Content starts

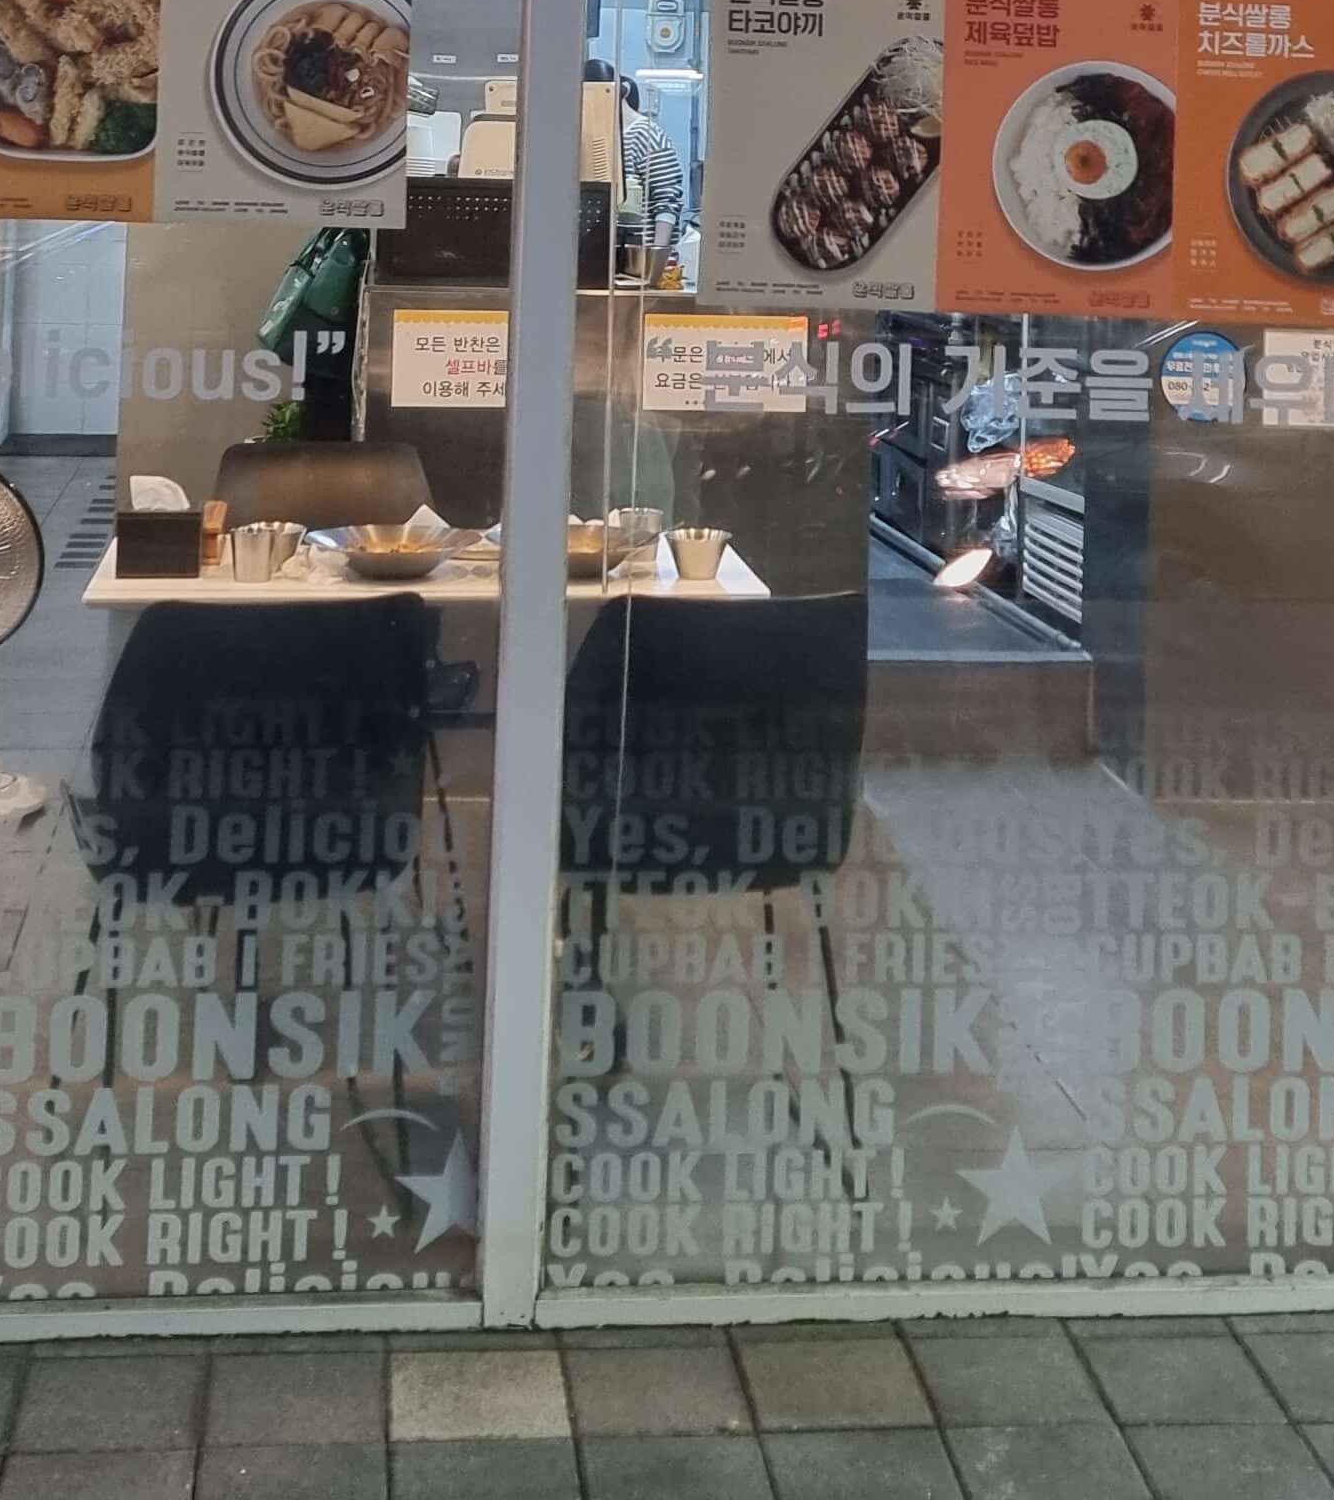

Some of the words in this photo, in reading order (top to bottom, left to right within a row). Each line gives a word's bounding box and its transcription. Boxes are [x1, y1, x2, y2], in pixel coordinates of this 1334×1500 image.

[728, 9, 824, 37] 타코야끼
[1198, 2, 1292, 30] 분식쌀롱
[964, 20, 1060, 48] 제육덮밥
[1197, 30, 1316, 59] 치즈롤까스
[415, 336, 447, 353] 모든
[454, 336, 501, 353] 반찬은
[445, 359, 508, 376] 셀프바를
[654, 372, 704, 390] 요금은
[423, 381, 469, 398] 이용해
[559, 987, 993, 1078] BOONSIK
[556, 1078, 897, 1151] SSALONG
[552, 1150, 703, 1202] COOK
[1082, 1144, 1228, 1198] COOK
[549, 1202, 702, 1258] COOK
[1080, 1197, 1228, 1249] COOK

Content ends

— PROBLEM TO WORK ON —
The copy must reproduce the listing above verbatim and contain no pictures.

— RESULT BELOW —
Some of the words in this photo, in reading order (top to bottom, left to right within a row). Each line gives a word's bounding box and its transcription. Boxes are [x1, y1, x2, y2], in pixel coordinates of this 1334×1500 image.

[728, 9, 824, 37] 타코야끼
[1198, 2, 1292, 30] 분식쌀롱
[964, 20, 1060, 48] 제육덮밥
[1197, 30, 1316, 59] 치즈롤까스
[415, 336, 447, 353] 모든
[454, 336, 501, 353] 반찬은
[445, 359, 508, 376] 셀프바를
[654, 372, 704, 390] 요금은
[423, 381, 469, 398] 이용해
[559, 987, 993, 1078] BOONSIK
[556, 1078, 897, 1151] SSALONG
[552, 1150, 703, 1202] COOK
[1082, 1144, 1228, 1198] COOK
[549, 1202, 702, 1258] COOK
[1080, 1197, 1228, 1249] COOK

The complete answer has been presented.